Comparison of In Vitro Mouse Serum Stability of ⁶⁸Ga-Labeled PSMA Targeting Conjugates of Acyclic and Macrocyclic Chelators

Objectives: The objective of the present work was (1) to measure and compare in vitro stability of ⁶⁸Ga-labeled PSMA targeting conjugates of acyclic and macrocyclic chelators in mouse serum at 37^oC, and (2) to correlate stability data with in-vivo tumor uptake in 22Rv1 xenografted mice¹. The knowledge of mouse serum stability is critical for the understanding of the efficacy of a potential imaging pharmaceutical.

Methods: Glu-Urea-Lys (GUL) derivatives of acyclic and macrocyclic chelators have been reported as prostate-specific membrane antigen (PSMA) agents. In the present work, GUL was conjugated with two chelators, NOTA and DOTA, via a thiourea linker and designated as NOTA-GUL and DOTA-GUL, respectively. The well-known radioligand PSMA-11, NOTA-GUL, and DOTA-GUL were labeled with ⁶⁸Ga (37-100 MBq) using a standard radiolabeling technique developed in our laboratories. ⁶⁸GaCl₃ was produced using a Gallia Pharm generator from Eckert & Ziegler. The ⁶⁸Ga-labeled PSMA conjugates were analyzed and mouse serum stability was monitored by using a reversed-phase High-Performance Liquid Chromatography (RP-HPLC) method. In a typical stability study, a ⁶⁸Ga-labeled conjugate sample was incubated with mouse serum for 4 hours at 37 °C and the sample was injected onto a RP-HPLC column at a predefined time intervals. Progress of the degradation of the ⁶⁸Ga-labeled PSMA conjugate in mouse serum was monitored by monitoring area of the main peak with time. Control experiments were performed in each case by monitoring degradation of ⁶⁸Ga-labeled NOTA-GUL, DOTA-GUL, and PSMA-11 in Phosphate Buffer Saline (PBS).

Results: Efficiency of ⁶⁸Ga-labeling of NOTA-GUL, DOTA-GUL, and PSMA-11 was achieved >96% with > 99% purity.
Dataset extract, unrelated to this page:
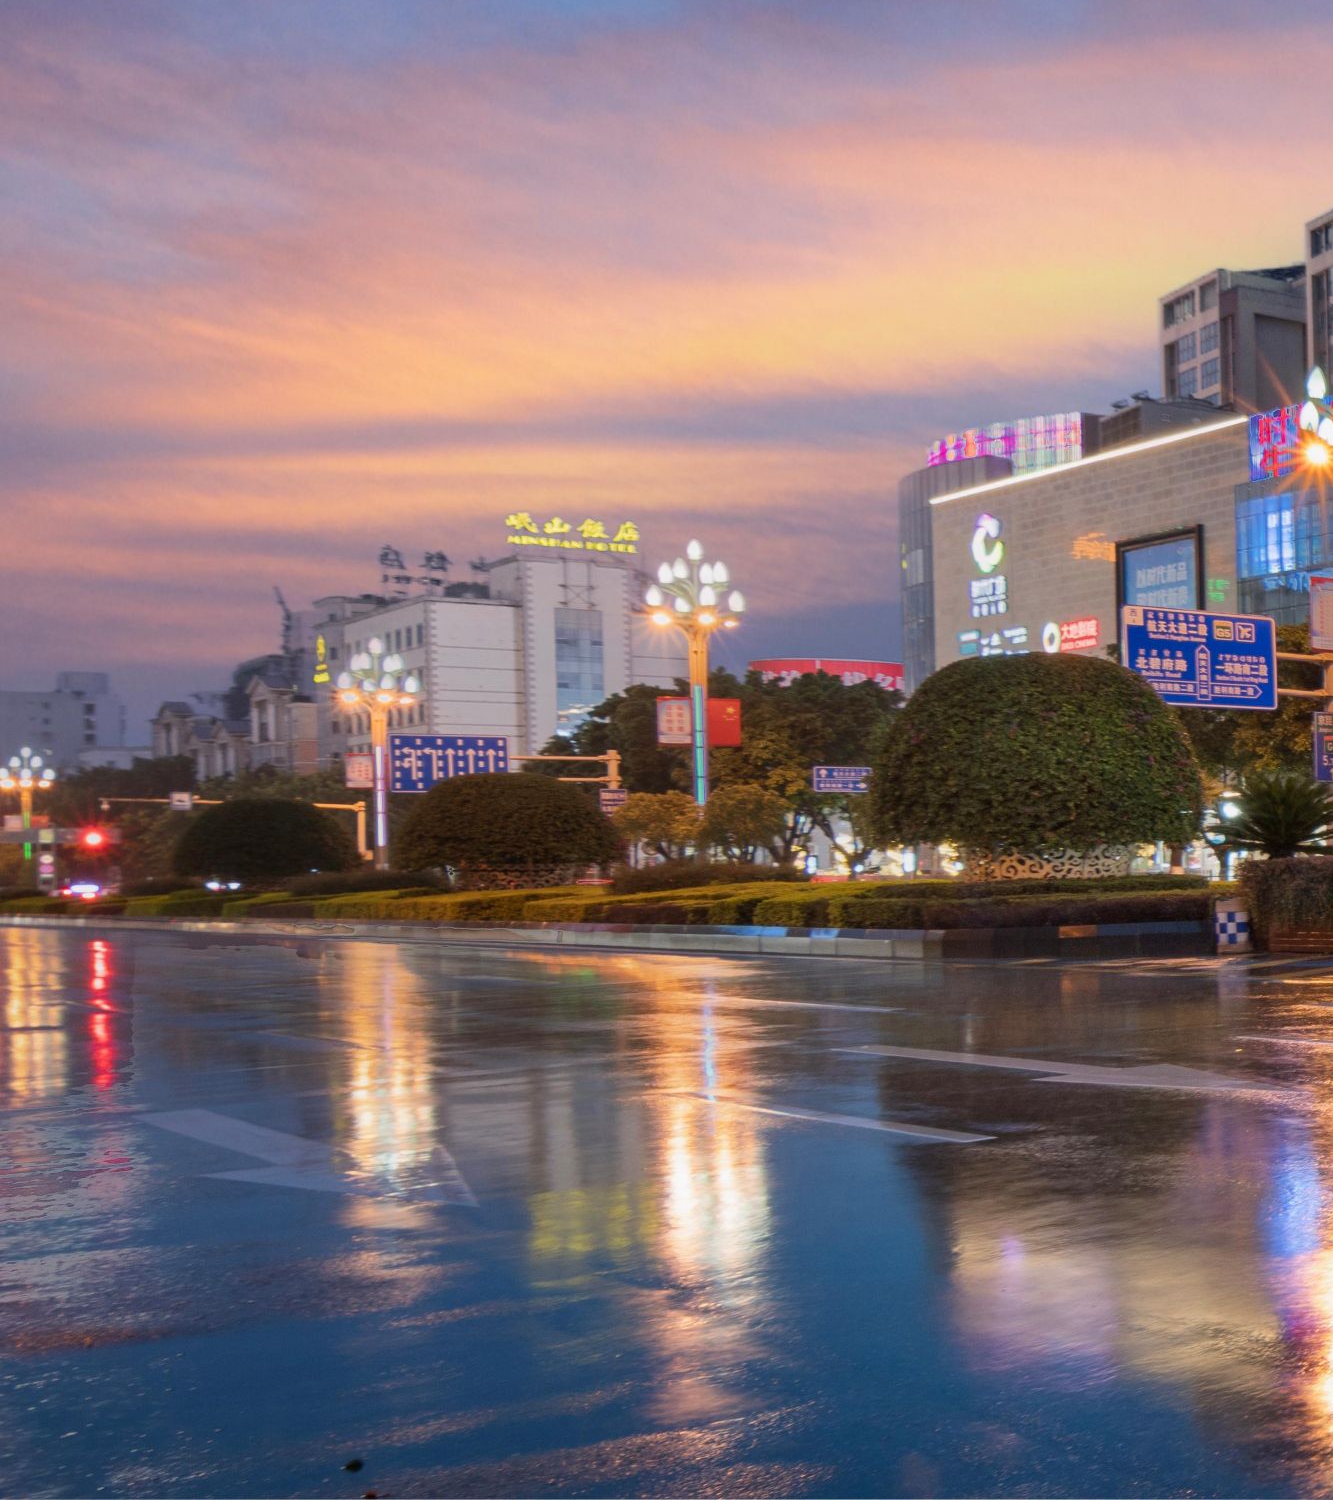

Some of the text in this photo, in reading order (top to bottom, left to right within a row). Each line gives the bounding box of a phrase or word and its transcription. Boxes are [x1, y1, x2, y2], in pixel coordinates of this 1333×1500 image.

[1060, 619, 1098, 640] 大地影院
[1146, 619, 1231, 638] 航天大道二段 G5
[1135, 656, 1188, 672] 北碧府路
No degradation of ⁶⁸Ga-labeled PSMA-11 and NOTA-GUL was observed after 4 h incubation in mouse serum. On the contrary, degradation (mainly demetalation) of ⁶⁸Ga-labelded DOTA-GUL was seen even after 1 h incubation and reaching up to 8% after 4 h incubation. Consistent with the human serum stability study,¹ mouse serum stability of ⁶⁸Ga-labeled PSMA conjugates followed the order: PSMA-11~NOTA-GUL >DOTA-GUL. A similar trend was observed in the in-vivo tumor uptake (%ID/g) in 22Rv1 xenografted mice 1 h post-injection,i.e 6.5, 5.4, and 4.66 for PSMA-11, NOTA-GUL, and DOTA-GUL, respectively. Interestingly, in the present work ⁶⁸Ga-labeled DOTA-GUL is less inert than the ⁶⁸Ga-labeled PSMA-11 in mouse serum.

Conclusions: In summary, the in-vitro mouse serum stability of the three of ⁶⁸Ga-Labeled PSMA targeting conjugates of acyclic and macrocyclic chelators follow the order PSMA-11~ NOTA-GUL >DOTA-GUL which reflects in the in-vivo tumor uptake in preclinical mice model.¹ Ref. Moon S-H, Hong MK, Kim YJ et al. Bioorg Med Chem 2018; 26: 2501-2507.